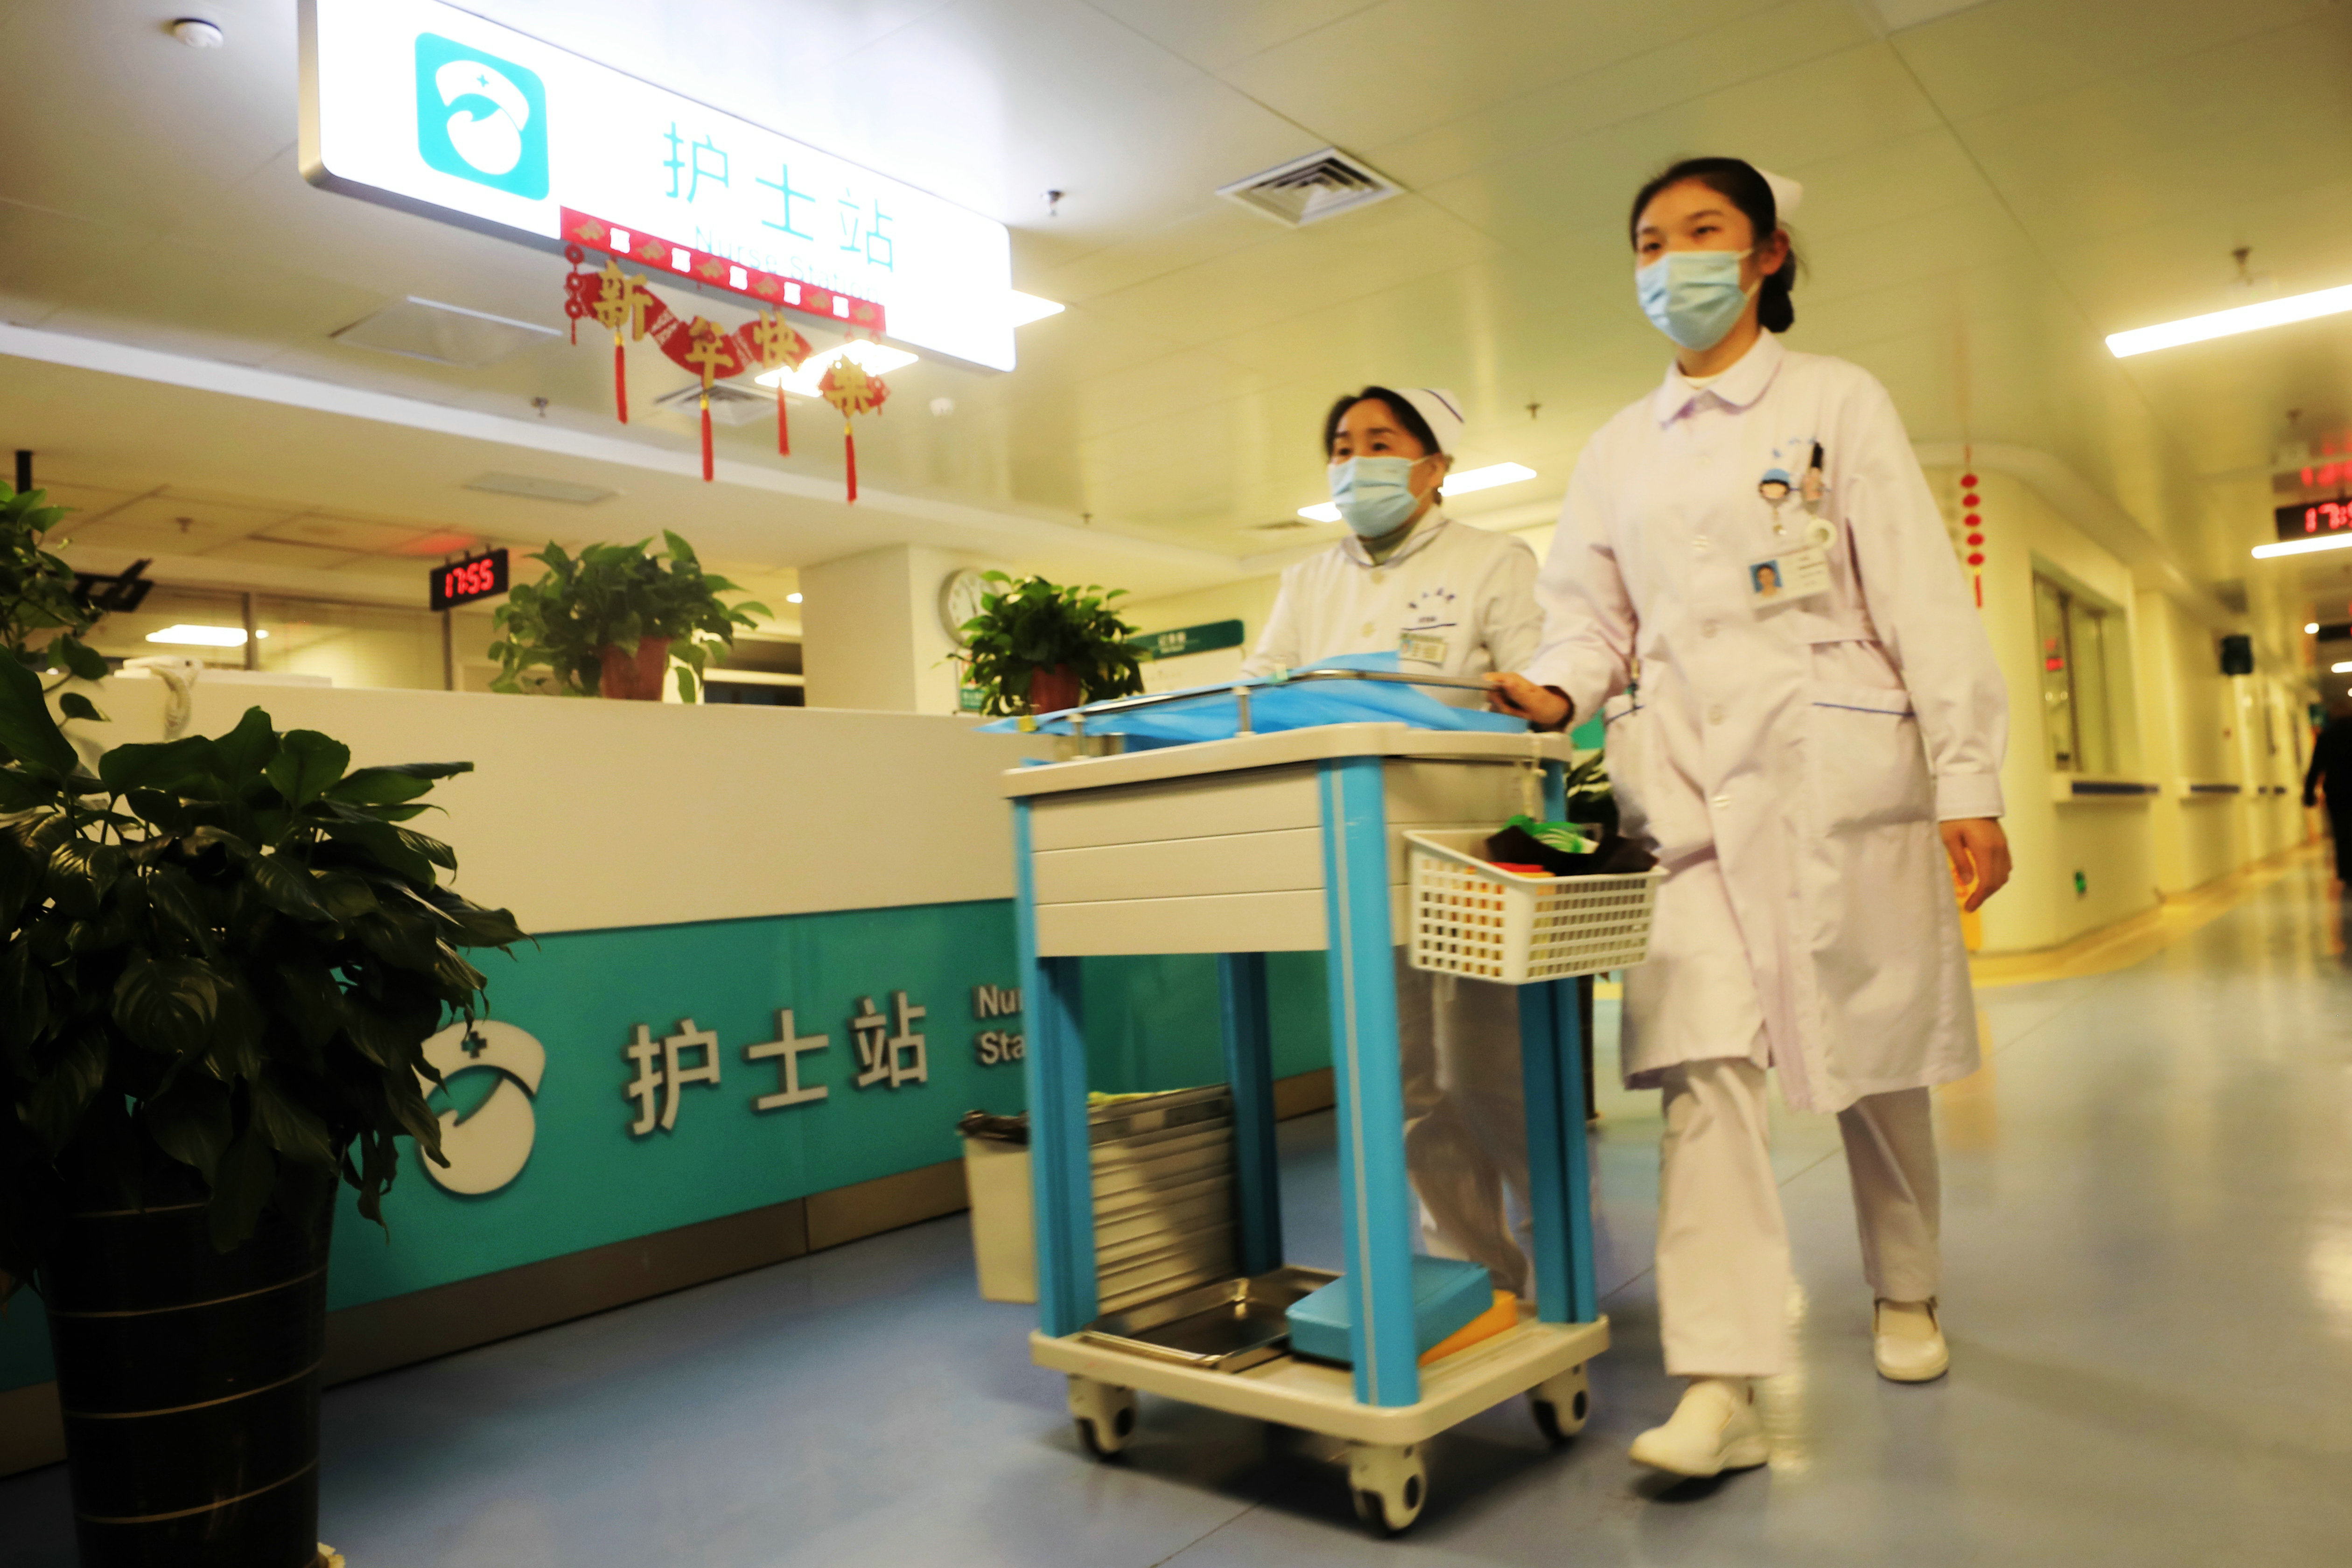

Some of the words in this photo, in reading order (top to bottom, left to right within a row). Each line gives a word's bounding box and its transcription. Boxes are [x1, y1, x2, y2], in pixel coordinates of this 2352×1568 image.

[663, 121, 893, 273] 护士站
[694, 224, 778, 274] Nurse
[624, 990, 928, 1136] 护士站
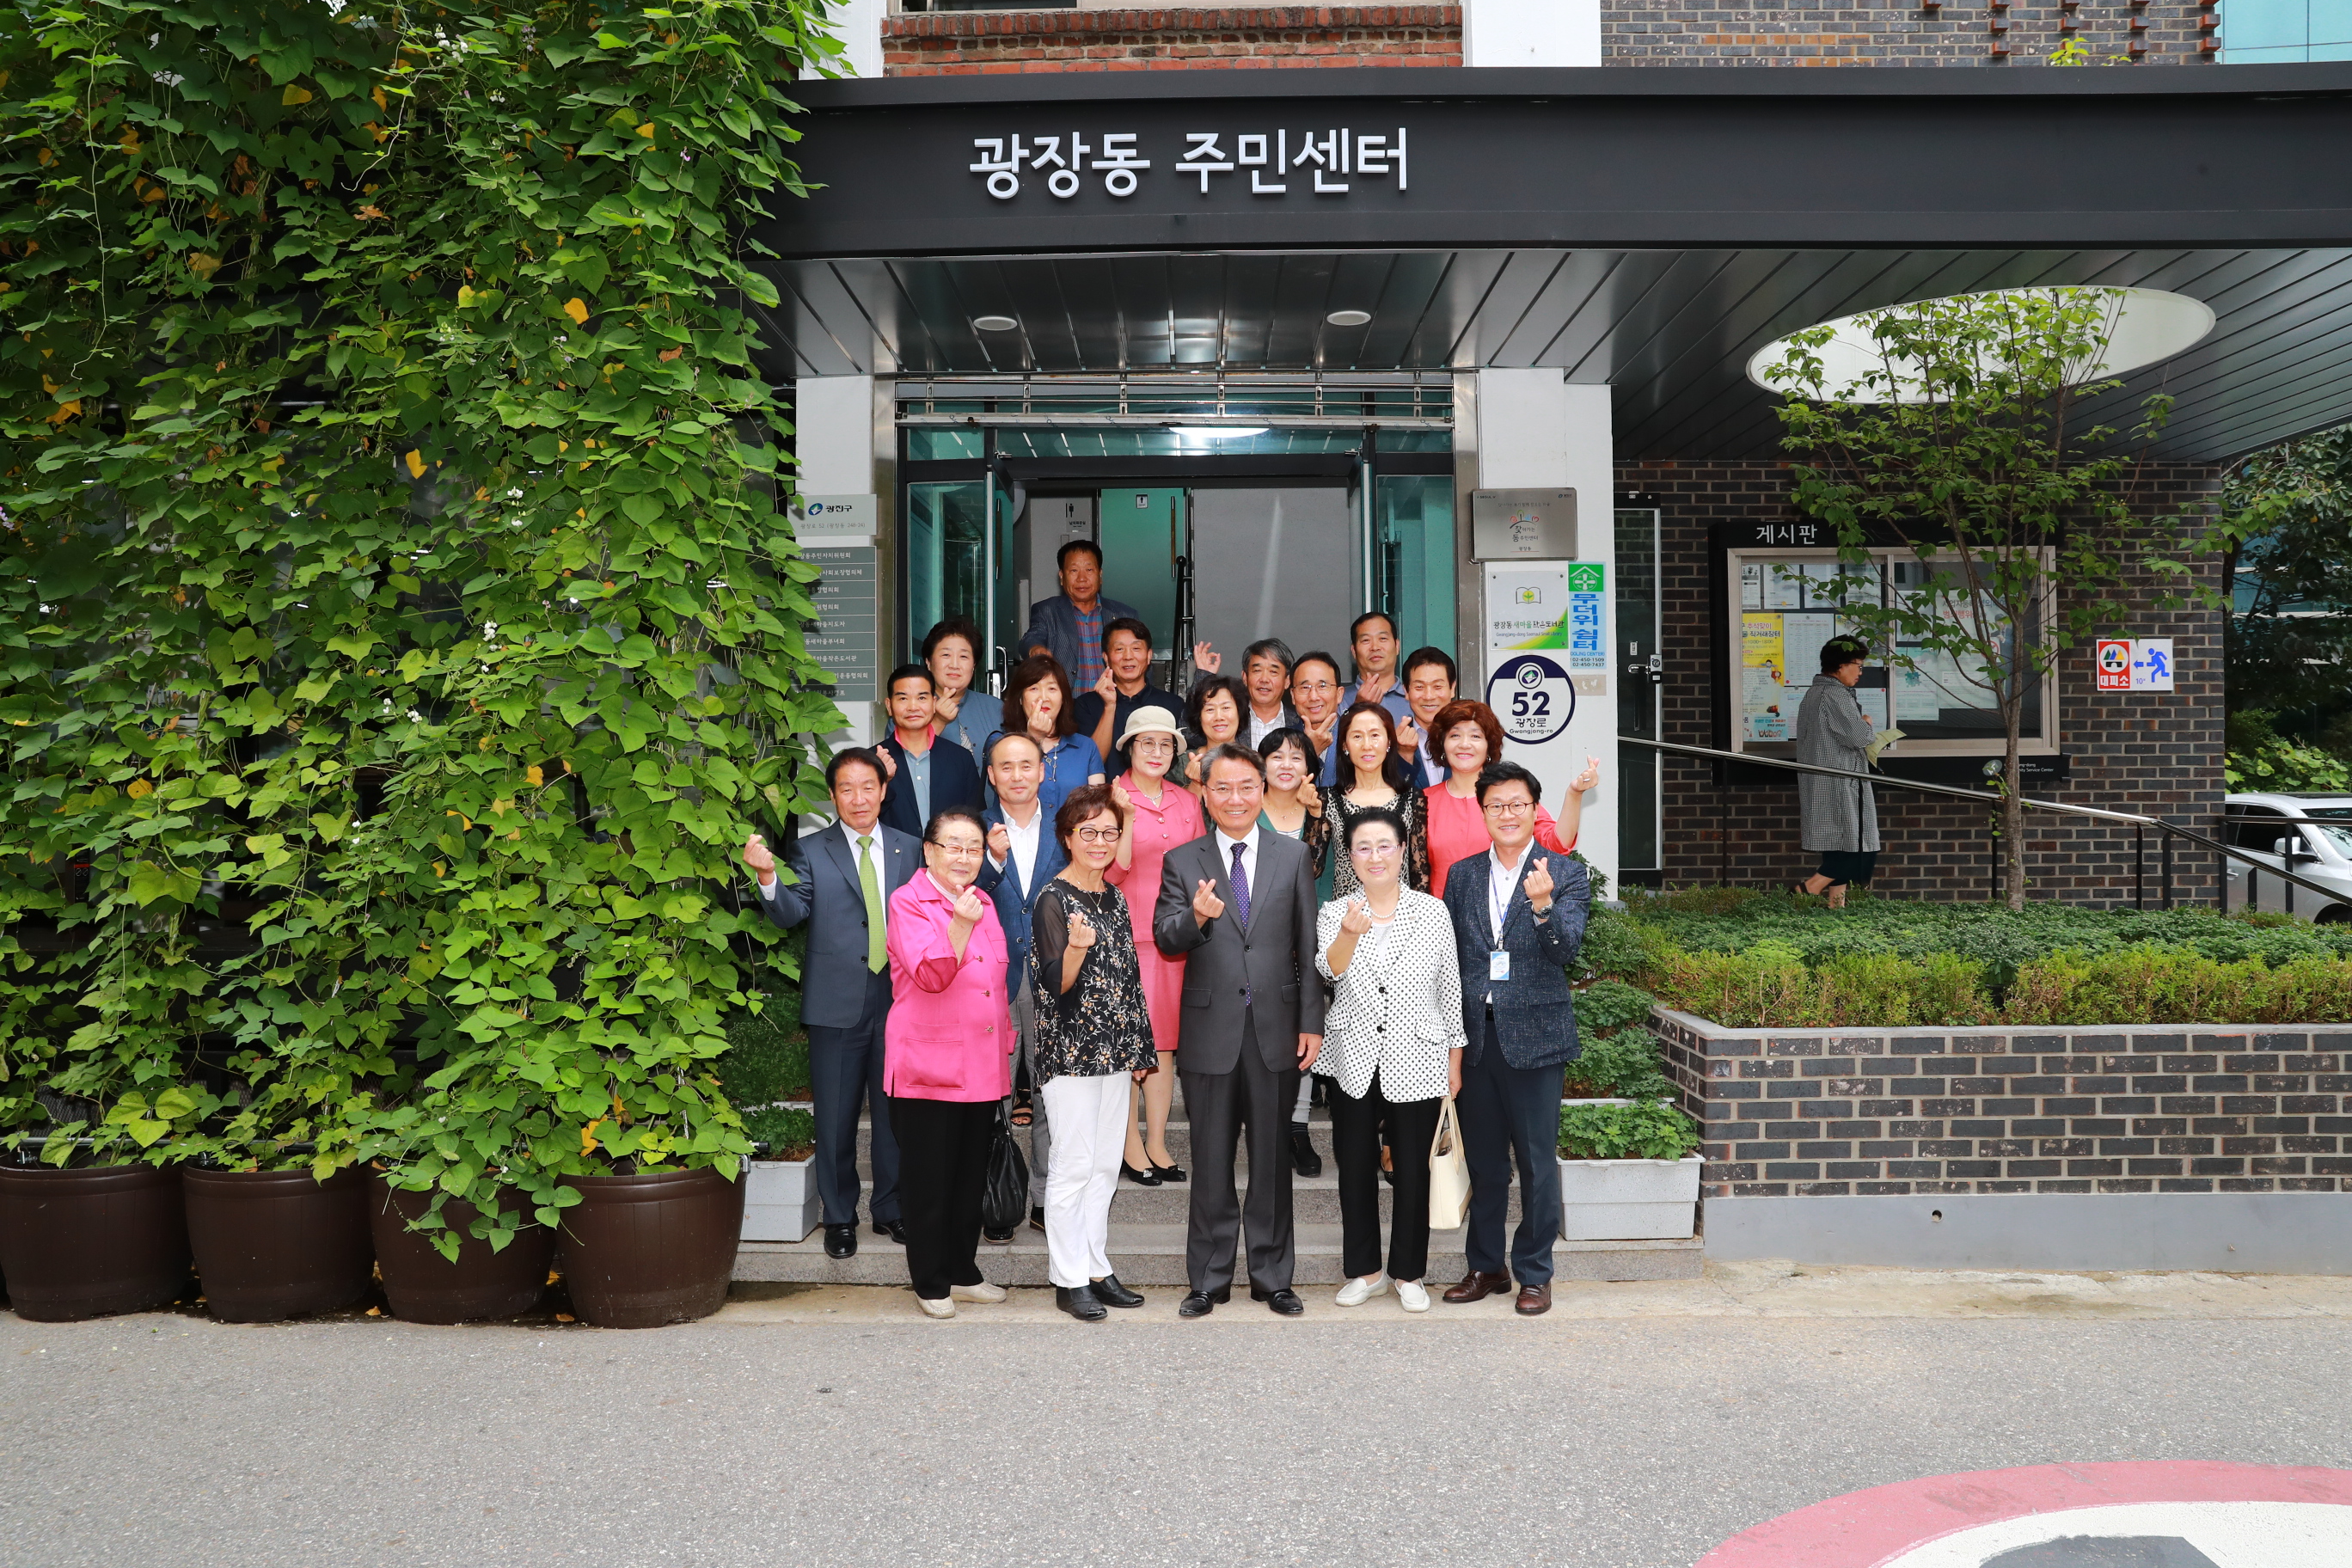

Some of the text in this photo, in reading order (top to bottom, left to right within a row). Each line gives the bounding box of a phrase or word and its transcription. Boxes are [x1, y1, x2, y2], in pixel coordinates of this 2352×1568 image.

**WHAT IS NEEDED:** Every entry in the listing is to be duplicated precisely, except for its pictures.

**RESPONSE FOR THIS EXERCISE:**
Some of the words in this photo, in reading order (top to bottom, left to right within a row). Each line gives a word's bounding box and its transcription. Boxes are [x1, y1, x2, y2], in pixel coordinates of this 2352×1568 image.

[663, 121, 893, 273] 护士站
[694, 224, 778, 274] Nurse
[624, 990, 928, 1136] 护士站

Some of the text in this photo, in reading order (top to bottom, left to right within a row). Each line gives the bounding box of a phrase or word and its transcription. Boxes are [x1, y1, x2, y2], in pixel coordinates of this 2352×1568 image.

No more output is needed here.